The first introduction of goldenseal occurred in England during 1760’s by Miller. The name of this herb then was Warnera. The cultivation of this herb then was not because of its medicinal value but rather due to its horticultural charisma. The culture of goldenseal for medicinal value started when the depletion of this herb’s growth in Ohio where it used to be plentiful was noted. The small scale culture of this herb started in some parts of America. It was in 1905 that the growing demand for goldenseal was noted by the United States Department of Agriculture.

Goldenseal’s medicinal properties were discovered by the early settlers from the American Indians. These people use the rhizome or root of the goldenseal as medicine while the juice which is color yellow was utilized as tarnish to their faces and clothing coloring. The intensive trading of goldenseal was then noted in 1905 where the approximated amount of goldenseal traded ranges from 200,000 to 300,000 pounds (Grieve). The person that has the major contribution in the popularity of goldenseal as a medicinal plant is herbalist full of charisma named Samuel Thompson.

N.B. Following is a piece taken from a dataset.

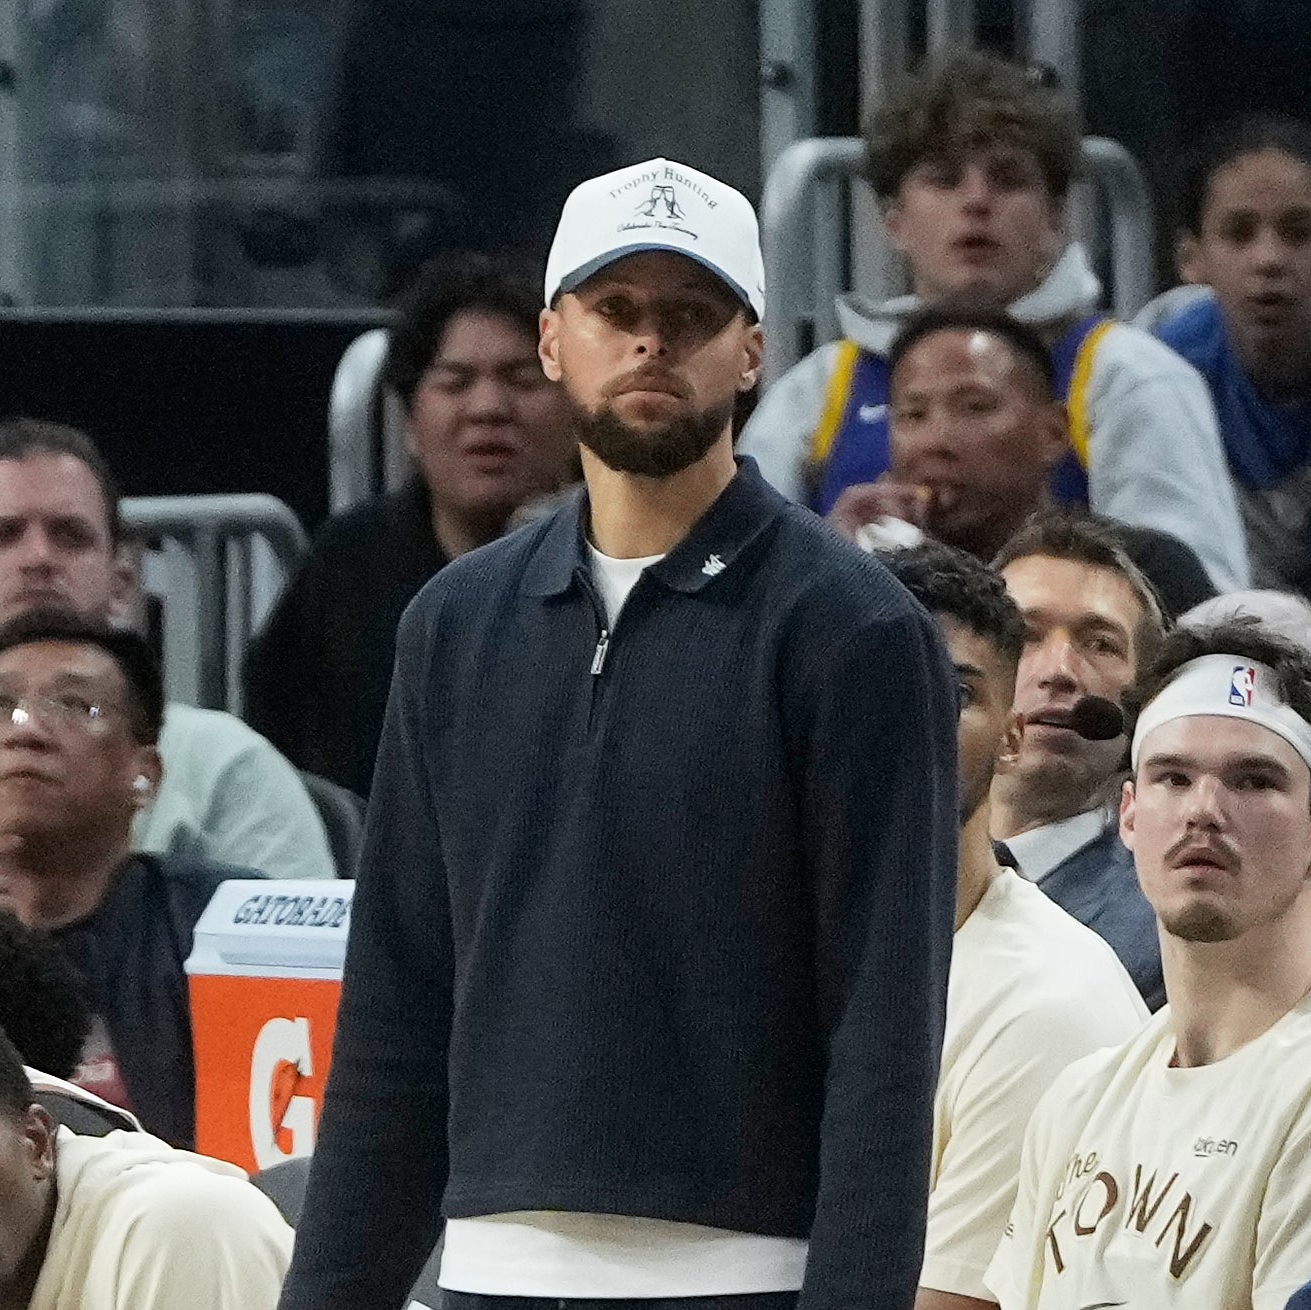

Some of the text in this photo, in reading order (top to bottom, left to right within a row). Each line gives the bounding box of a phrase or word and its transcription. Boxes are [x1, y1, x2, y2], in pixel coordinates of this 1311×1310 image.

This herbalist believed the capacity of goldenseal to cure various diseases. It is during his time that the demand of this herb in commerce for its medicinal value first soared. The popularity though of goldenseal as a medicinal plant is not a continuous phenomenon (Gagnon). There were periods that the demand is dramatically high and there are also those periods of low demand. The continuous increasing demand for this herbal medicine was noted in the early 1900s and up to the present time. Goldenseal which is marketed for its medicinal value can be bought in different forms.

These available forms of herbal goldenseal include the tea, capsule, liquid gargle, powdered root, and fluid extracts. The various conditions like bacterial infections, skin wounds, sore throats, sore eyes, ulcerations, chronic colon inflammations, hemorrhoids, liver problems, dyspepsia, and constipation are only a few of the illnesses wherein goldenseal is considered as a herbal medicine (Grieve). The wide range of conditions that this medicinal herb caters to justifies its increased demand in the market.

At present, goldenseal along with others medicinal herbs such as ginseng are recorded in the Appendix II of the Convention on International Trade of Endangered Species of Wild Fauna and Flora (CITES). In Canada, goldenseal is regard as specie with threatened existence while in USA the general status is endangered though there as variations in different states. The U. S. federal government listed goldenseal to be threatened in Maryland, Michigan, and New York. In Conneticut, Georgia, Massachussetts, Minnesota, New Jersey, and Vermount the threats on the existence of this herb is increased to the endangered status.

Areas of special concern are in North Carolina and Tennessee because higher commercial exploitation of goldenseal is present there (USDA). The primary reason for the threatened existence of the goldenseal is over harvesting. As the studies conducted to establish the value of goldenseal as a medicinal plant increased, the demand of this herbal medicine also continuously rocketed (Penskar, 2). A pound of the roots of goldenseal can sell to as much as $100 (“Goldenseal Hydrastis Canadensis”). In order to compliment the increasing demand uncontrolled harvesting of goldenseal in its wild environment occurred.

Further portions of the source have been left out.